**Task objective**
Please copy the entries below word for word.

**Entries taken from a collection**
+ + + + + + +
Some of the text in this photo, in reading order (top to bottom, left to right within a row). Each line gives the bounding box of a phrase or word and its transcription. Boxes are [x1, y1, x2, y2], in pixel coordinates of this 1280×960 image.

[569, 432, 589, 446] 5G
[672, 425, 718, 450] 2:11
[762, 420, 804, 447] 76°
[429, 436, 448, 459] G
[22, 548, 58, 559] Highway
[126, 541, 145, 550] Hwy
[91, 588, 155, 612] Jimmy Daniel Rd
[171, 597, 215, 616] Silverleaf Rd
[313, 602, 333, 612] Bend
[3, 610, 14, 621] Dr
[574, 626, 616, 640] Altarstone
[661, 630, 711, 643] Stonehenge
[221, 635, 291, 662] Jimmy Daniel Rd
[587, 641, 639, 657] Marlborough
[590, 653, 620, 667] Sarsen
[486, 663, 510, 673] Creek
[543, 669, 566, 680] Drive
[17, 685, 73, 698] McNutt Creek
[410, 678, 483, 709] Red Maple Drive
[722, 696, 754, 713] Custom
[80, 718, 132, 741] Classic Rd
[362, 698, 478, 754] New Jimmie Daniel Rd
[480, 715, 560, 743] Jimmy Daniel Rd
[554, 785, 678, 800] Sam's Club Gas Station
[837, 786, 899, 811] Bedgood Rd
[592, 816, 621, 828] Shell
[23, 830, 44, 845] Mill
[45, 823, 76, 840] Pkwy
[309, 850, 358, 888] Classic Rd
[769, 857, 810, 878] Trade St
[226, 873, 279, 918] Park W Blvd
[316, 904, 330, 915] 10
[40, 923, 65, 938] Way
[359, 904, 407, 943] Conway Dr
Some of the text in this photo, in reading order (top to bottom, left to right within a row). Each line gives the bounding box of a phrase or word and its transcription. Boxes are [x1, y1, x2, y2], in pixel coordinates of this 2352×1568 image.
+ + + + + + +
**Answer to this task**
Some of the text in this photo, in reading order (top to bottom, left to right within a row). Each line gives the bounding box of a phrase or word and its transcription. Boxes are [x1, y1, x2, y2], in pixel coordinates of this 1280×960 image.

[569, 432, 589, 446] 5G
[672, 425, 718, 450] 2:11
[762, 420, 804, 447] 76°
[429, 436, 448, 459] G
[22, 548, 58, 559] Highway
[126, 541, 145, 550] Hwy
[91, 588, 155, 612] Jimmy Daniel Rd
[171, 597, 215, 616] Silverleaf Rd
[313, 602, 333, 612] Bend
[3, 610, 14, 621] Dr
[574, 626, 616, 640] Altarstone
[661, 630, 711, 643] Stonehenge
[221, 635, 291, 662] Jimmy Daniel Rd
[587, 641, 639, 657] Marlborough
[590, 653, 620, 667] Sarsen
[486, 663, 510, 673] Creek
[543, 669, 566, 680] Drive
[17, 685, 73, 698] McNutt Creek
[410, 678, 483, 709] Red Maple Drive
[722, 696, 754, 713] Custom
[80, 718, 132, 741] Classic Rd
[362, 698, 478, 754] New Jimmie Daniel Rd
[480, 715, 560, 743] Jimmy Daniel Rd
[554, 785, 678, 800] Sam's Club Gas Station
[837, 786, 899, 811] Bedgood Rd
[592, 816, 621, 828] Shell
[23, 830, 44, 845] Mill
[45, 823, 76, 840] Pkwy
[309, 850, 358, 888] Classic Rd
[769, 857, 810, 878] Trade St
[226, 873, 279, 918] Park W Blvd
[316, 904, 330, 915] 10
[40, 923, 65, 938] Way
[359, 904, 407, 943] Conway Dr
Some of the text in this photo, in reading order (top to bottom, left to right within a row). Each line gives the bounding box of a phrase or word and its transcription. Boxes are [x1, y1, x2, y2], in pixel coordinates of this 2352×1568 image.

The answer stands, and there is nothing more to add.